──────── Supplied material ────────
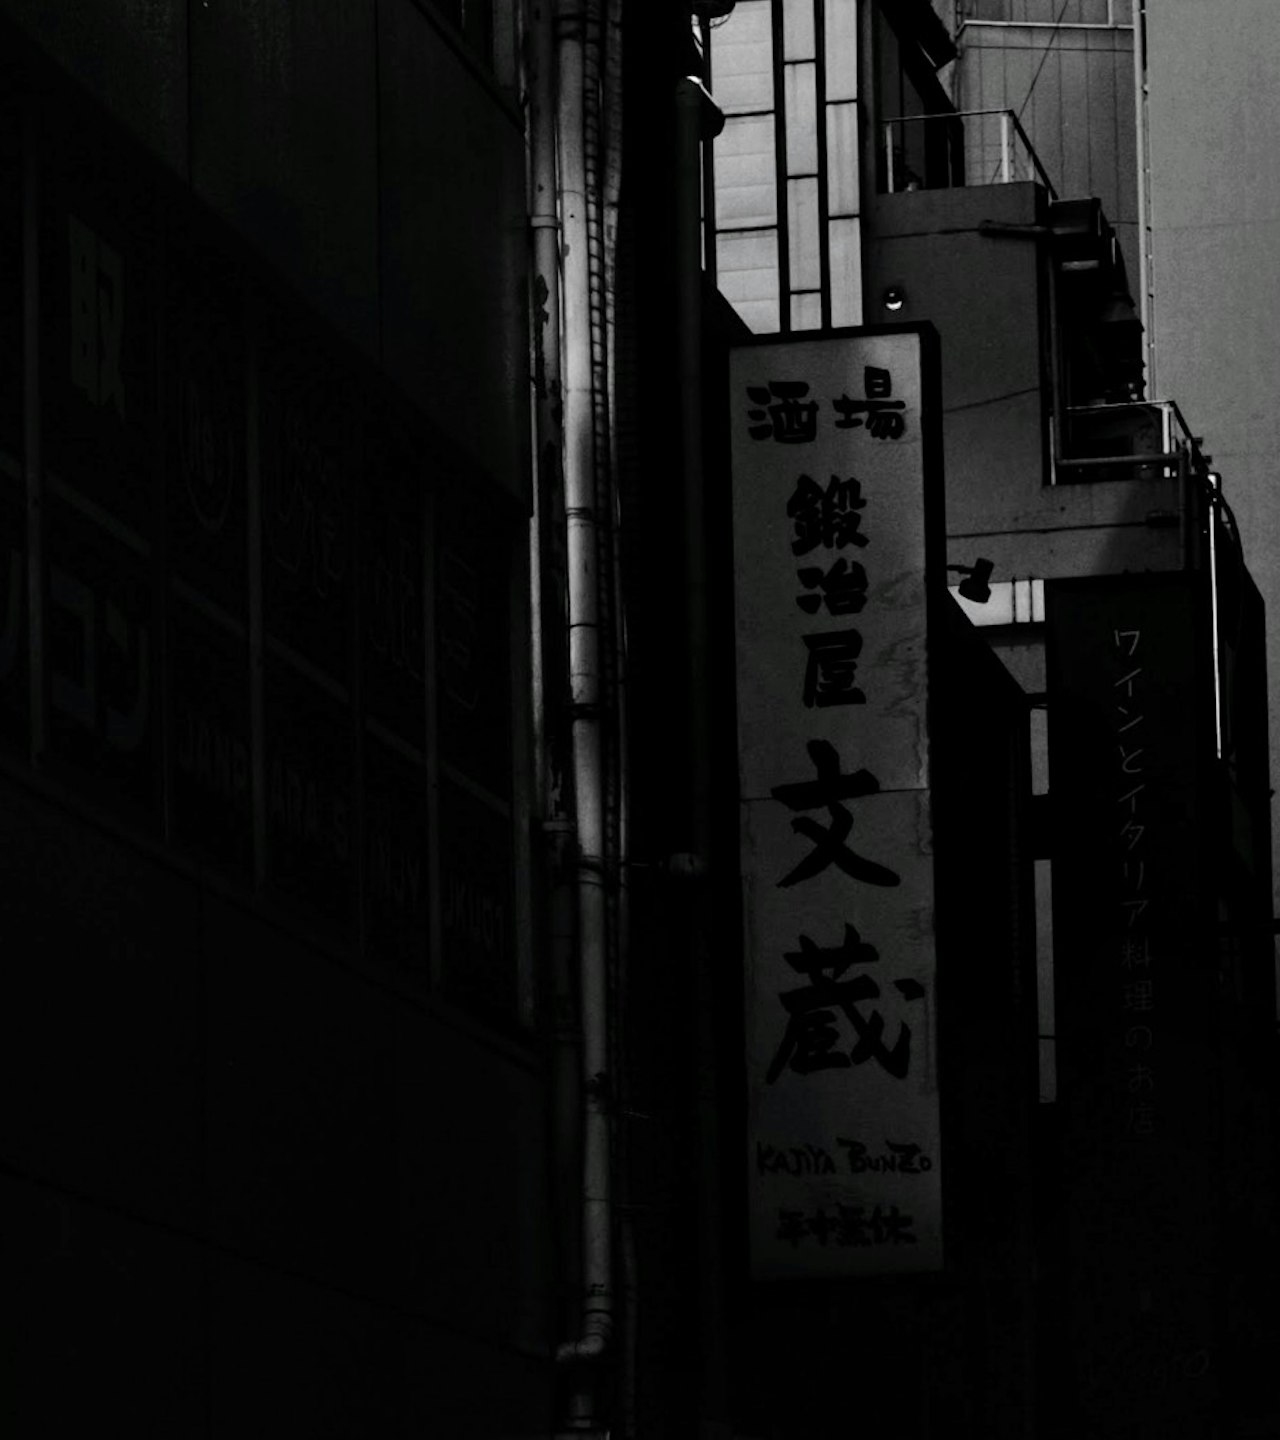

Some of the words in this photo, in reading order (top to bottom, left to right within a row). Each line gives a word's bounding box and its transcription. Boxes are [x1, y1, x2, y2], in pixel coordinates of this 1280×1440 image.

[746, 366, 906, 445] 酒場
[786, 473, 870, 709] 鍛冶屋
[764, 738, 926, 1086] 文蔵
[756, 1141, 836, 1176] KAJIYA
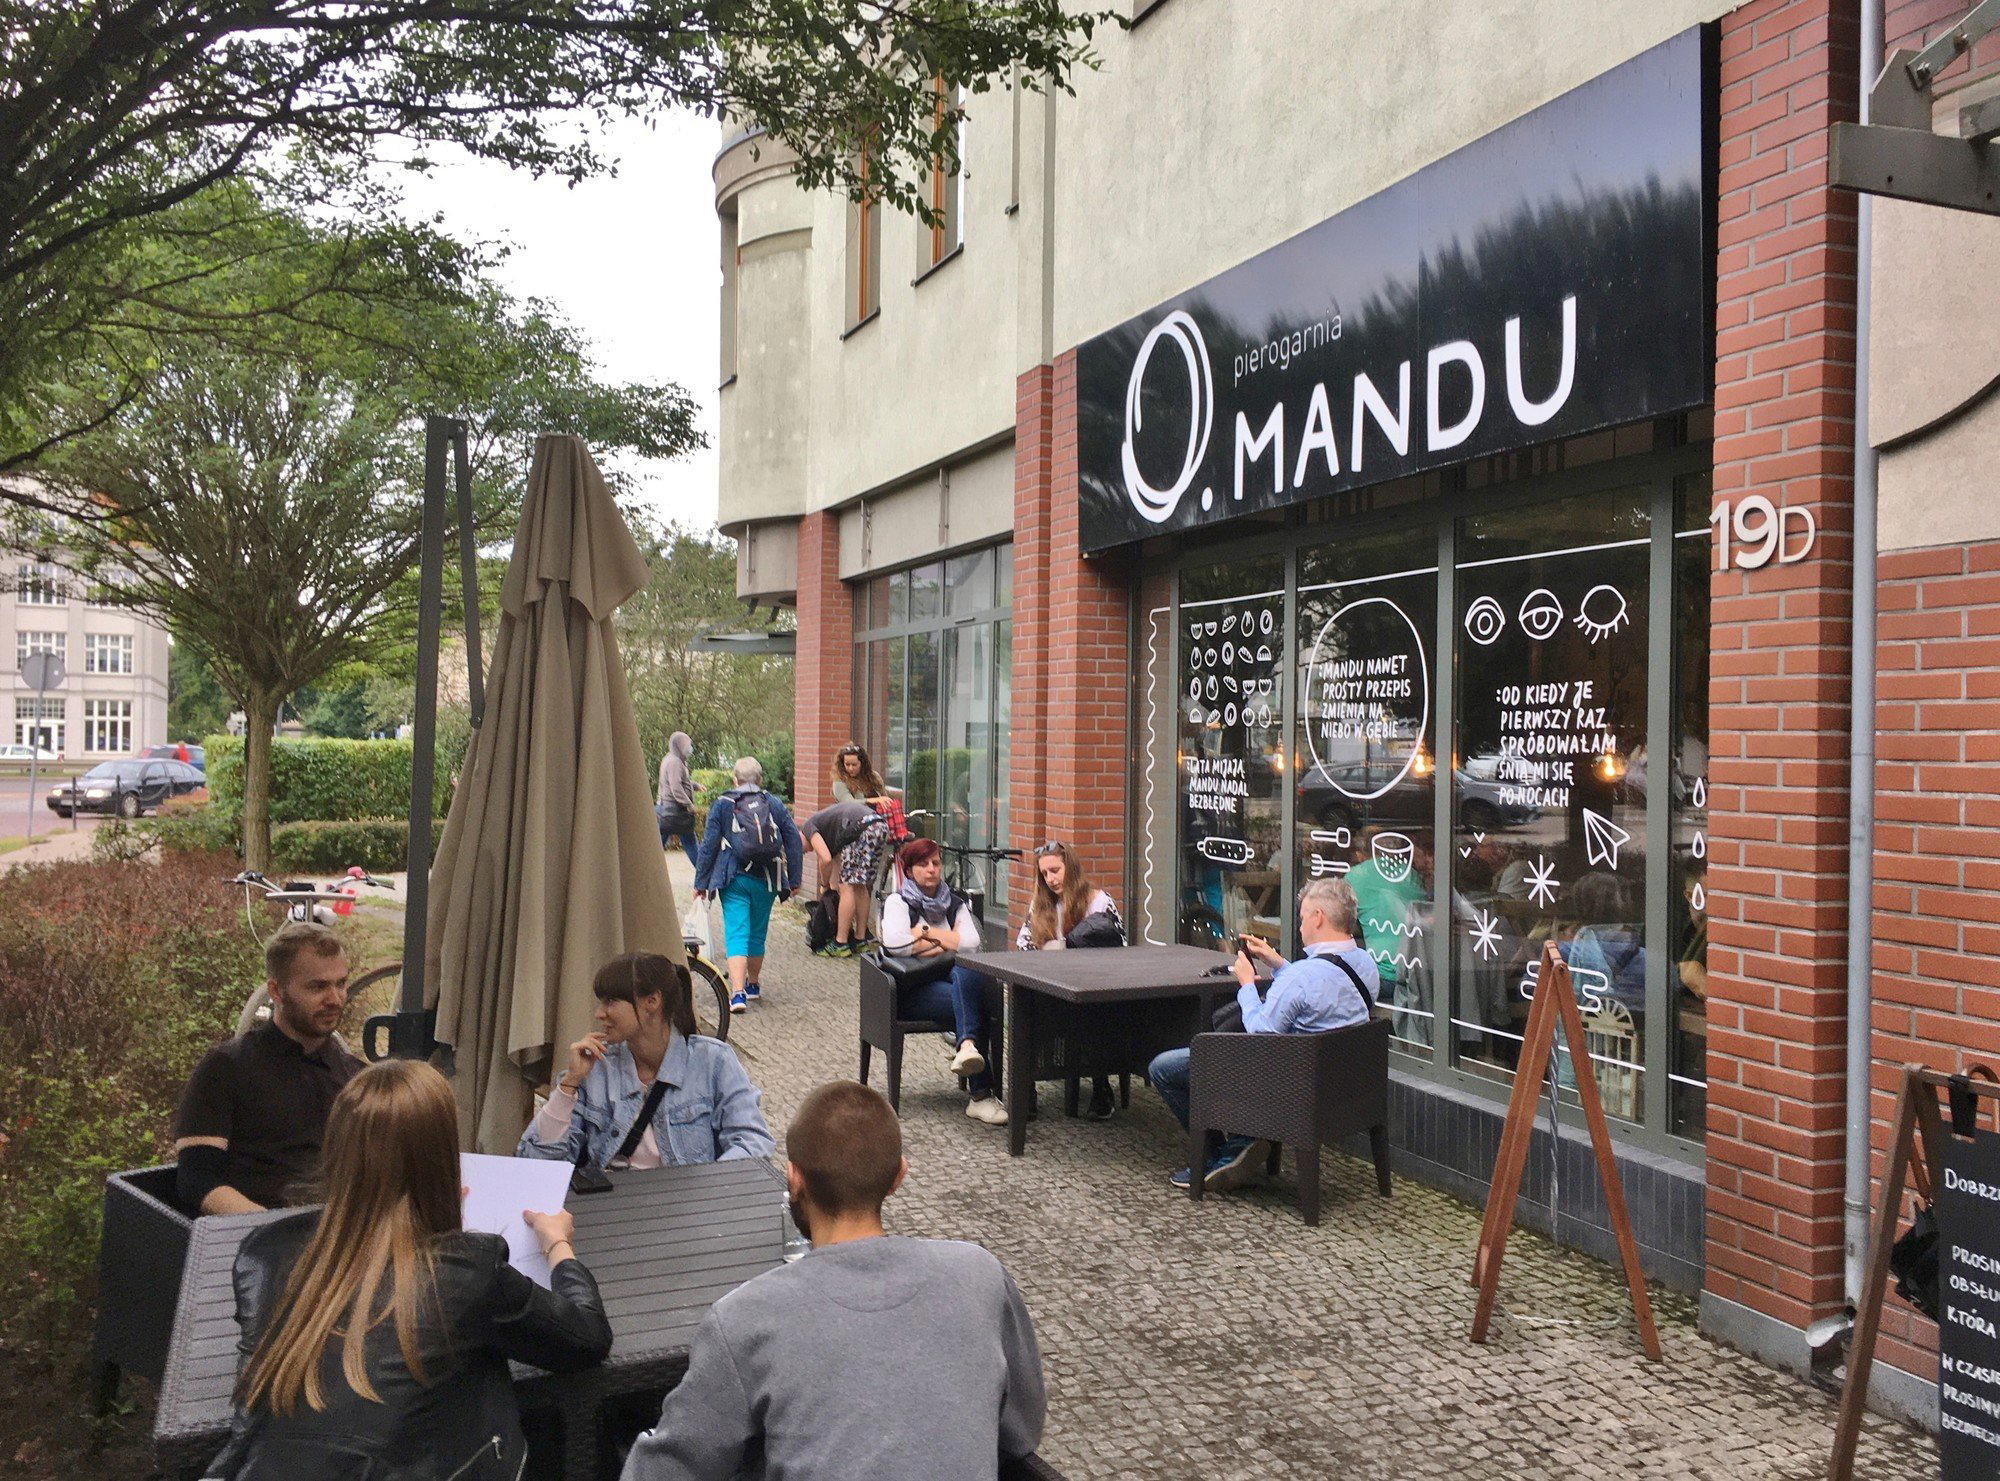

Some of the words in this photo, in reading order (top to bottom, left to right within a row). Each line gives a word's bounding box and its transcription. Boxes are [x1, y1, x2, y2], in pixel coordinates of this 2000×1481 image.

[1233, 309, 1344, 388] pierogarnia
[1709, 495, 1816, 570] 19D
[1367, 654, 1408, 676] NAWET
[1322, 680, 1363, 700] PROSTY
[1365, 679, 1411, 699] PRZEPIS
[1525, 681, 1569, 705] KIEDY
[1573, 680, 1594, 709] JE
[1321, 702, 1365, 720] ZMIENIA
[1368, 702, 1383, 719] NA
[1500, 708, 1572, 731] PIERWSZY
[1576, 707, 1607, 730] RAZ
[1321, 721, 1351, 739] NIEBO
[1353, 722, 1363, 739] W
[1499, 731, 1617, 756] SPRÓBOWAŁAM
[1533, 761, 1549, 781] MI
[1552, 761, 1575, 785] SIĘ
[1189, 776, 1218, 793] MANDU
[1220, 779, 1250, 797] NADAL
[1498, 787, 1514, 806] PO
[1517, 787, 1569, 807] NOCACH
[1941, 1352, 1954, 1373] W
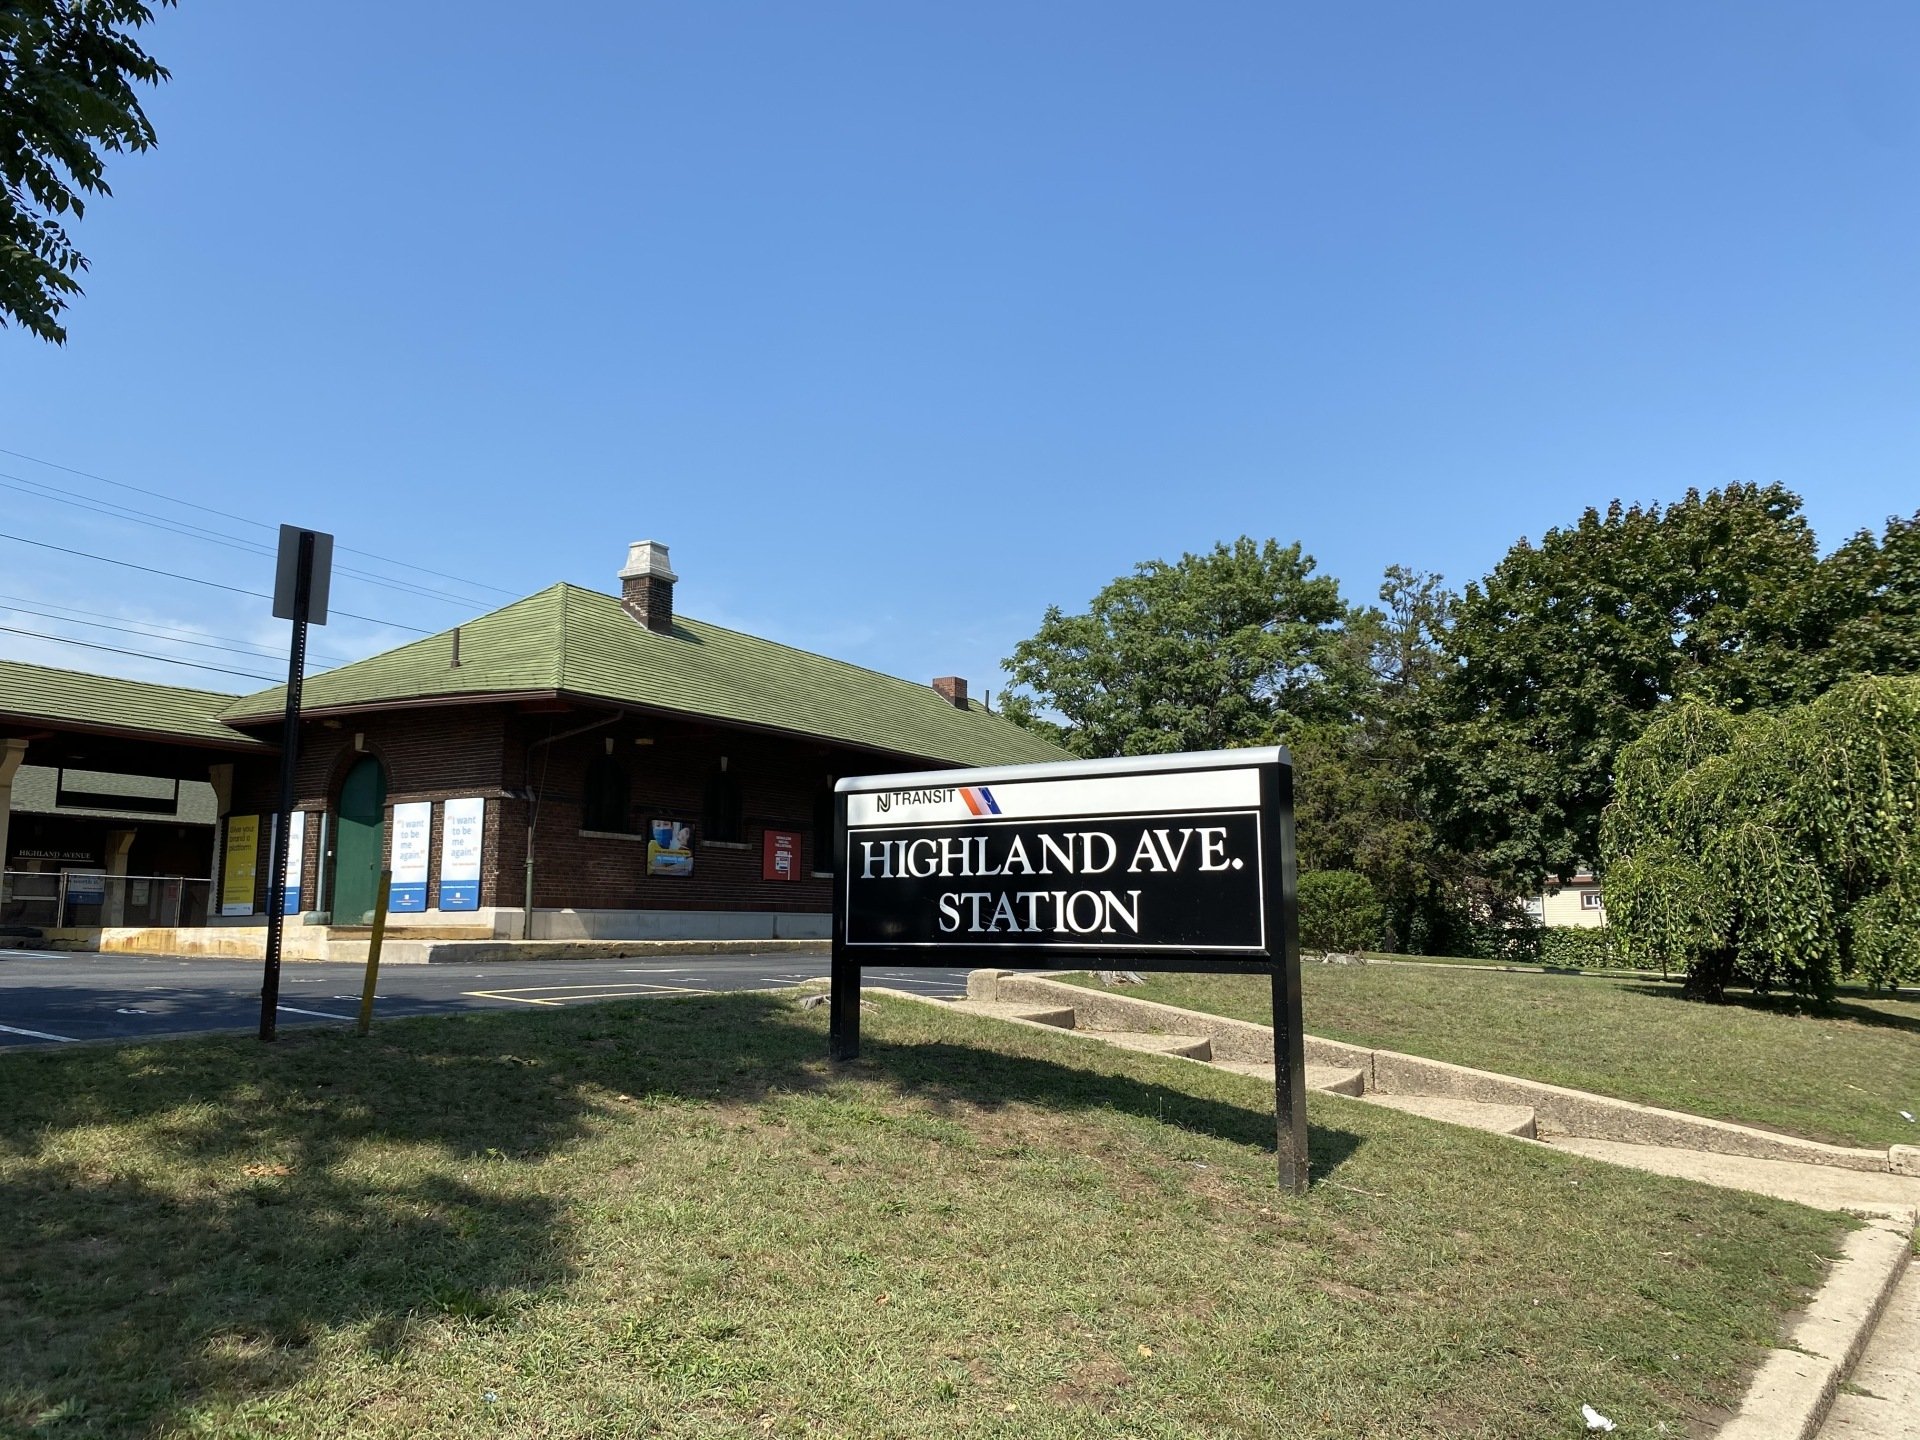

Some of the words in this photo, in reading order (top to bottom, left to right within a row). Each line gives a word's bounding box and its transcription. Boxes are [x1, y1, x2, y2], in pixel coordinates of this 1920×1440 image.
────────
- **Description of the task**: Using the records above, output an exact copy without any pictures.

- **Output for this exercise**:
Some of the words in this photo, in reading order (top to bottom, left to right within a row). Each line gives a word's bounding box and its transcription. Boxes are [x1, y1, x2, y2], in pixel coordinates of this 1280×1440 image.

[746, 366, 906, 445] 酒場
[786, 473, 870, 709] 鍛冶屋
[764, 738, 926, 1086] 文蔵
[756, 1141, 836, 1176] KAJIYA

Some of the words in this photo, in reading order (top to bottom, left to right within a row). Each line gives a word's bounding box and its transcription. Boxes are [x1, y1, x2, y2], in pixel coordinates of this 2000×1481 image.

[1233, 309, 1344, 388] pierogarnia
[1709, 495, 1816, 570] 19D
[1367, 654, 1408, 676] NAWET
[1322, 680, 1363, 700] PROSTY
[1365, 679, 1411, 699] PRZEPIS
[1525, 681, 1569, 705] KIEDY
[1573, 680, 1594, 709] JE
[1321, 702, 1365, 720] ZMIENIA
[1368, 702, 1383, 719] NA
[1500, 708, 1572, 731] PIERWSZY
[1576, 707, 1607, 730] RAZ
[1321, 721, 1351, 739] NIEBO
[1353, 722, 1363, 739] W
[1499, 731, 1617, 756] SPRÓBOWAŁAM
[1533, 761, 1549, 781] MI
[1552, 761, 1575, 785] SIĘ
[1189, 776, 1218, 793] MANDU
[1220, 779, 1250, 797] NADAL
[1498, 787, 1514, 806] PO
[1517, 787, 1569, 807] NOCACH
[1941, 1352, 1954, 1373] W

Some of the words in this photo, in reading order (top to bottom, left to right within a row). Each line gives a word's bounding box and its transcription. Boxes are [x1, y1, x2, y2], in pixel coordinates of this 1920×1440 image.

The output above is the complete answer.